Jonathan Johnson, Medici president and now the official Overstock CEO following his interim appointment after Byrne’s exit, said Evernym is innovating new, blockchain-based tools to allow individuals to assert control over their personal identity information.

“Evernym is bridging the gap between the siloed approach to identity and true self-sovereign identity,” Johnson said in a statement. “Evernym’s platform allows every person, organization and connected thing to have an independent identity. Evernym fills out Medici Ventures’ identity pillar within our keiretsu and will help advance our government-as-a-service technology stack for civilization.”

Evernym President Steve Havas told the Deseret News the personal identity protections his company is innovating, which run off a decentralized, distributed ledger blockchain platform, are already being adopted by some consumer-facing financial institutions looking to bolster identity security.

“At Evernym, we’re adding a layer of trust to the Internet,” Havas said in a statement. “Our self-sovereign identity platform allows organizations to issue verified digital credentials to their customers, which those consumers can then use to prove who they are to anyone, anywhere.

“As a result, businesses can foster more trusted digital relationships with their customers, while offering a more secure, seamless and privacy-protecting experience.”

While issues with cryptocurrencies based on distributed ledger platforms have, perhaps, become the most visible touchstone for the general public’s familiarity with blockchain, a recent Forbes report by Jefferson Nunn noted the utility of decentralized systems has much broader potential uses. Nunn notes that since the 2017 Equifax breach that leaked data on as many as 143 million Americans, another 29 major breaches have exposed the personal data of 1 billion people worldwide.

“Bitcoin and blockchain have been attacked by pundits solely because of the price action,” Nunn wrote. “A closer look by enterprising professionals could reveal a treasure trove of improved security and reliability around personal data and to reduce the threat of attacks. Companies of all types, including insurance companies, could save billions by taking the proper action to secure the data.”

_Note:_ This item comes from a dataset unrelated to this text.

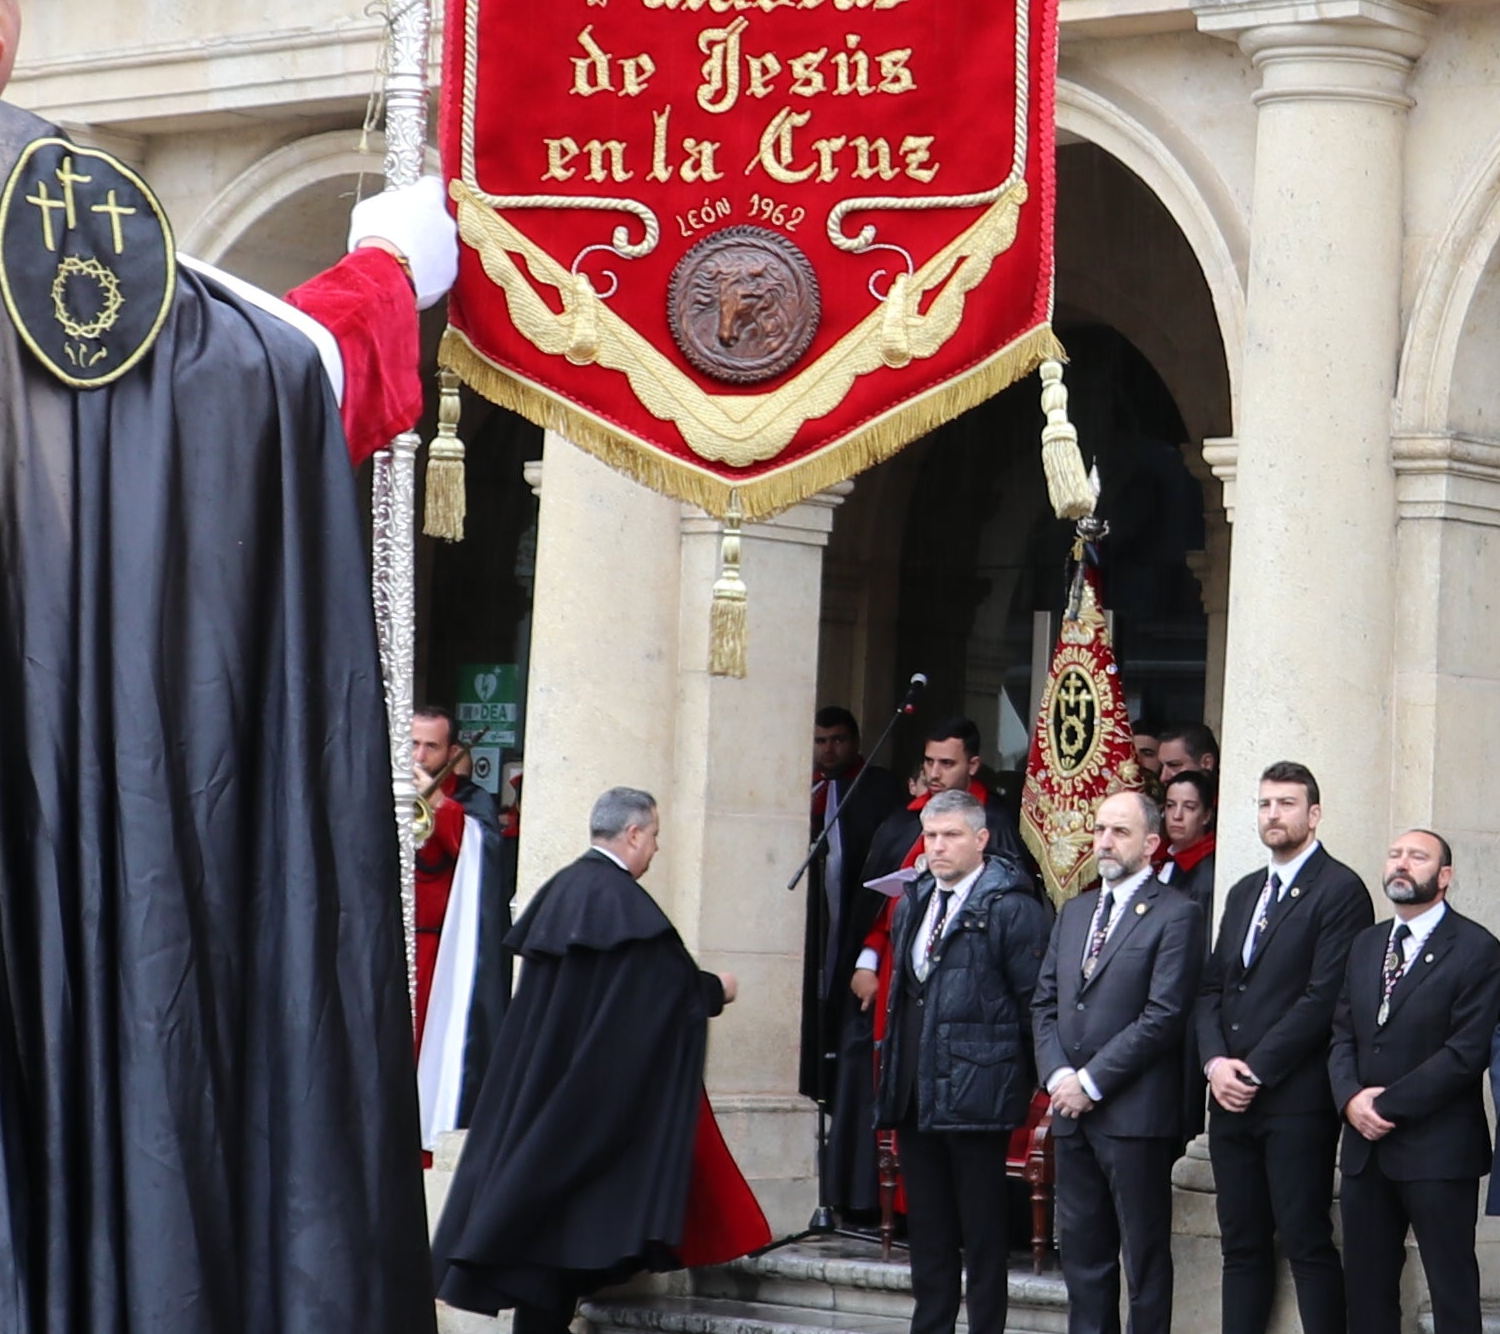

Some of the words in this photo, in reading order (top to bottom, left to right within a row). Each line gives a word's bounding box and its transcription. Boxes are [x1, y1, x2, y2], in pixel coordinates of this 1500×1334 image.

In a Deseret News interview last month, Johnson said over $200 million has flowed into the Medici investments and he expects that moving forward, the growth of the blockchain-based product innovations will outpace what’s happening in an e-commerce realm that has a lot more competitors now than when Overstock launched in 1999 as an inventory liquidator.

“I see strong growth on both sides, but the potential for exponential growth is in the blockchain companies,” Johnson said. “Many of the (18 currently) companies in the portfolio now have products in, or nearing, production.”

Industry watchers generally viewed Byrne’s separation from the company, both as an executive and later as a stockholder, as a net win for Overstock, particularly in light of the nature of his claims as being some sort of “deep state” operative. But Iverson’s exit appeared to touch off investor worries.

In the meantime, Overstock has appointed a veteran financial officer, Robert Hughes, as acting chief financial officer and begun a search for a permanent replacement.

Johnson said having someone with Hughes’ background and experience overseeing Overstock finances while the search for a permanent replacement plays out will ensure the company “does not miss a beat.”

“Rob was the company’s (senior vice president) of finance and risk management for five years and v.p. and controller for four years. He is intimately familiar with Overstock’s businesses and financial systems,” Johnson said in a statement. “Under his guidance, Overstock had steady and positive financial results and reporting. I’ve worked closely with Rob for many years, and he is a great person to oversee our finance department while we look for a permanent CFO. I appreciate his willingness to step in during the transition.”

Overstock declined a Deseret News request for comment on Byrne’s stock liquidation, instead referencing a statement distributed by the company in a press release Monday.

“Since his departure on Aug. 22, Byrne has not held any management or board responsibility,” the statement reads. “Byrne continues to be a public figure, and the views he expresses and actions he takes are his own.”